The Nightmare


I am going to try to go to sleep in a little bit. I’m having some trouble because Barnaby is screaming downstairs with my in-laws and even though they know how to take care of him, I keep thinking I should go downstairs and help.

I have to sleep because I essentially didn’t sleep last night. In a way, I guess Barnaby kept me up.

What actually happened was this… Barnaby went to sleep at 9:00 after being an enormous pain in the butt. We bathed him and tried to do his night-time ritual, but after the bath he went into a full fledged shit fit, back arching, screaming to high heaven.

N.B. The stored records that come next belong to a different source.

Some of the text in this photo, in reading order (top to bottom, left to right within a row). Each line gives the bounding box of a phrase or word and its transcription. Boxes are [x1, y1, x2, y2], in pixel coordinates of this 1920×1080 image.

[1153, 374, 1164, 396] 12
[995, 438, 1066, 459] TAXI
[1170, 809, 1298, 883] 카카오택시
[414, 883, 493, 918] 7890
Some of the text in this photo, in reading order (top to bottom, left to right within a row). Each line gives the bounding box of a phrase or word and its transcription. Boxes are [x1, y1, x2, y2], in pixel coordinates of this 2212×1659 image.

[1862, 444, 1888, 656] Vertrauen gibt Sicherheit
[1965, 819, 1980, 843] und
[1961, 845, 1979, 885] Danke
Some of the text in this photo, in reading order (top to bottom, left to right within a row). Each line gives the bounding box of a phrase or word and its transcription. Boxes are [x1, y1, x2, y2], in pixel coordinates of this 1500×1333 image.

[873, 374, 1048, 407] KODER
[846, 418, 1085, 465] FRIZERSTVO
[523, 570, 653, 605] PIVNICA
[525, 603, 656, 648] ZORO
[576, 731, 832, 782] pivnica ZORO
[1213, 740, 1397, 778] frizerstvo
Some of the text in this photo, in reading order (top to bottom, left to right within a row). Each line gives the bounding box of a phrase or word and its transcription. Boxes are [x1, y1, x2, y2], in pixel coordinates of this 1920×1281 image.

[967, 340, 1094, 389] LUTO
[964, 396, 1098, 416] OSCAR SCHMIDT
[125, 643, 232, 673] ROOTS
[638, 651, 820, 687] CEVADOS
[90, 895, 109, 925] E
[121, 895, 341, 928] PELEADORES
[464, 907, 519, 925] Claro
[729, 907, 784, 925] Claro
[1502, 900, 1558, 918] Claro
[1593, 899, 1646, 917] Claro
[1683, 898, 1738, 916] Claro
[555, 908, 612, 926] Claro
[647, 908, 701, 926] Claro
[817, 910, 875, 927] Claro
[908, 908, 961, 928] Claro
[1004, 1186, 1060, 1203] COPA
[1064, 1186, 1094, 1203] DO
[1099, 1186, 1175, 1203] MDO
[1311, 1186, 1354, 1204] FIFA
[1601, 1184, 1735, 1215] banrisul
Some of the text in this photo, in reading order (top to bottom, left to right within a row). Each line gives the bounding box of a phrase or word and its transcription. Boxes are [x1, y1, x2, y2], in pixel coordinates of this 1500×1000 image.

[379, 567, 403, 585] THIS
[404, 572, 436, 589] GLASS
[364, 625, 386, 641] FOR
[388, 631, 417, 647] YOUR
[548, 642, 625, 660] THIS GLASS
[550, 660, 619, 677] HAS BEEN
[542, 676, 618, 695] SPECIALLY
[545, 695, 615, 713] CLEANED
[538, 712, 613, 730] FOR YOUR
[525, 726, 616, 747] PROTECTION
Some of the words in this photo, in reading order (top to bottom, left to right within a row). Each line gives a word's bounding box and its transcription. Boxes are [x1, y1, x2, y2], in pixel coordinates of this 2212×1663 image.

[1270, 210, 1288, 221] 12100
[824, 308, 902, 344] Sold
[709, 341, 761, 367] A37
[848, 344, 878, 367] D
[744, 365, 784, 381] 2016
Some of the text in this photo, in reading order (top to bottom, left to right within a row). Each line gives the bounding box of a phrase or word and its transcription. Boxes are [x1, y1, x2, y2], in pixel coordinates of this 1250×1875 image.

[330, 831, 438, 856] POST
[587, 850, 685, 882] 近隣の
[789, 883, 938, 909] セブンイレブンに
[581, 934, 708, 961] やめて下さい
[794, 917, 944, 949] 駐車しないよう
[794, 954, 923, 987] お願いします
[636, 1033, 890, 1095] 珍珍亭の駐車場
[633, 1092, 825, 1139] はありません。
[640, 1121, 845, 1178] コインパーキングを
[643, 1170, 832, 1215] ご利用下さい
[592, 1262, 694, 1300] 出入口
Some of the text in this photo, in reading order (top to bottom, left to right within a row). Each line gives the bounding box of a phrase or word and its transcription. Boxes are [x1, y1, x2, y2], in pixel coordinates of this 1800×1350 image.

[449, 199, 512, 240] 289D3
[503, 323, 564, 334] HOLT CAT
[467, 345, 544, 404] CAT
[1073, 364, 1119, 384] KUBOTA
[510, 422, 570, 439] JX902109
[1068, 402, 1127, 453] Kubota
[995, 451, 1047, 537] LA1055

I should say, for the record, that the very worst of Barno’s screaming is nothing compared to some kids. He isn’t all that loud, he never really gets to the point where your ears are crackling the way I’ve heard some kids scream. It never really distorts, and we can almost always still talk to each other over his hollering without having to holler ourselves.

But, with all relative things, his very worst cry is still as horrible as it can be for us, and especially when his cries become despondent and the little goat gasps start accompanying the whole thing.

He wouldn’t nurse after the bath, so I offered to wrap him up in a blanket and try to get him to go to sleep. He slept like shit the night before, and had barely napped all day, so it wasn’t much of a surprise when he went down. One little blip a half our later, one more five minute swinging technique, and he was out by 9.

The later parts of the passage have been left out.